Das genutzte Handy war das der MUTTER - das finde ich ehrlich gesagt noch viel schlimmer, wie ich auch oben schon schrieb...


----------



## Soad9 (12. Dezember 2012)

muss dem ZDF leider zustimmen!! bin begeisterter Gamer, aber free to play abzocke ist hoffentlich nicht die Zukunft!
Entweder von Anfang an gebührenpflichtig oder gar nicht!
Und schon gar nicht Spiele zum Vollpreis und dann noch einen ITem-Shop ala Blizzard, Fifa2012,2013


----------



## Odyn (12. Dezember 2012)

Soad9 schrieb:


> muss dem ZDF leider zustimmen!! bin begeisterter Gamer, aber free to play abzocke ist hoffentlich nicht die Zukunft!
> Entweder von Anfang an gebührenpflichtig oder gar nicht!
> Und schon gar nicht Spiele zum Vollpreis und dann noch einen ITem-Shop ala Blizzard, Fifa2012,2013


 
Dann muss ich dich wohl enttäuschen.
F2P IST die Zukunft, es wird in Zukunft nur noch so gehen, denn da steckt das wahre Geld.
Auf der anderen Seite, wenn es alle machen kann es nur gut für uns sein, denn dann tritt wieder Konkurrenzverhalten auf und die Preise senken.
Das Hauptproblem das ich momentan sehe ist das Spiele für den Vollpreis vertickt werden, diese Spiele aber letzten endes nur zu 80% fertig sind (DLC-Politik)
Und sein wir mal ehrlich, ob ich mir jetzt ne Demo lade und danach das Spiel kaufe. Oder mir das Spiel lade und mir dann nen "Premium-Acc" für den gleichen Preis freischalte macht letzten Endes kein unterschied. (Wenn AAA-Titel wie bei Crytek in Zukunft ebenfalls F2P-Titel werden)

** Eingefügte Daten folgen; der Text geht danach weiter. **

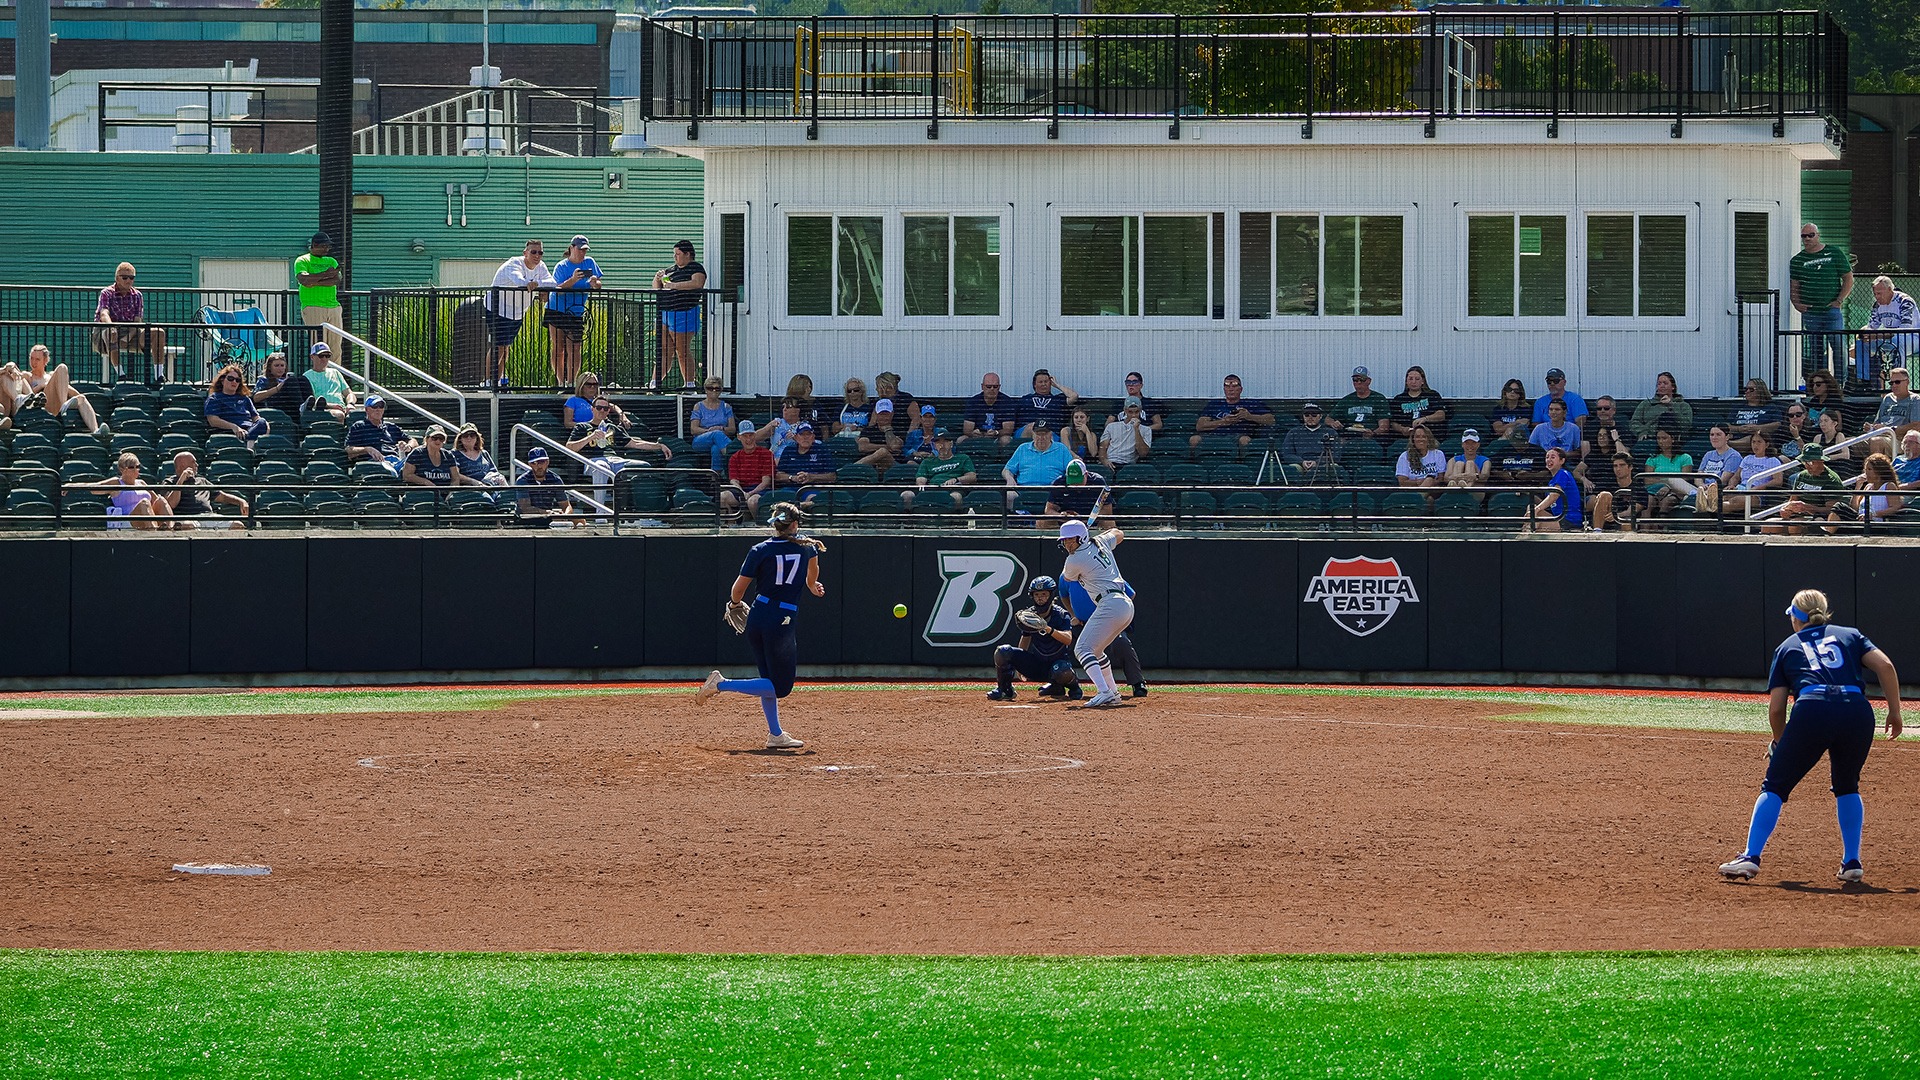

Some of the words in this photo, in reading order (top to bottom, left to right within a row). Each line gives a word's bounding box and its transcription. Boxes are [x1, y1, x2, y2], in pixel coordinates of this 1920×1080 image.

[775, 553, 801, 586] 17
[922, 550, 1028, 647] B
[1308, 578, 1415, 599] AMERICA
[1333, 596, 1391, 612] EAST
[1801, 635, 1844, 670] 15

Versteh mich nicht falsch, ich auch bin kein freund von F2P und zahle lieber wie bei MMORPGS momentan einmal 10 Euro im Monat und hab dann alles, oder halt einmal 60 Euro und hab es dann, aber zu behaupten das ALLE nur an unser Geld wollen ist genau das was ZDF uns in die Köpfe setzen will.

Btw. hier mal der erste Beitrag zu Killerspielen: Frontal21 - Killerspiele - YouTube   (Man beachte wie geschickt jedes Kommentar von Leuten die sagen "ne is nich so schlimm" hinterfragt wird, und jedes Wort des sog. "Spezialisten" als "vollkommen Korrekt" hingenommen wird.)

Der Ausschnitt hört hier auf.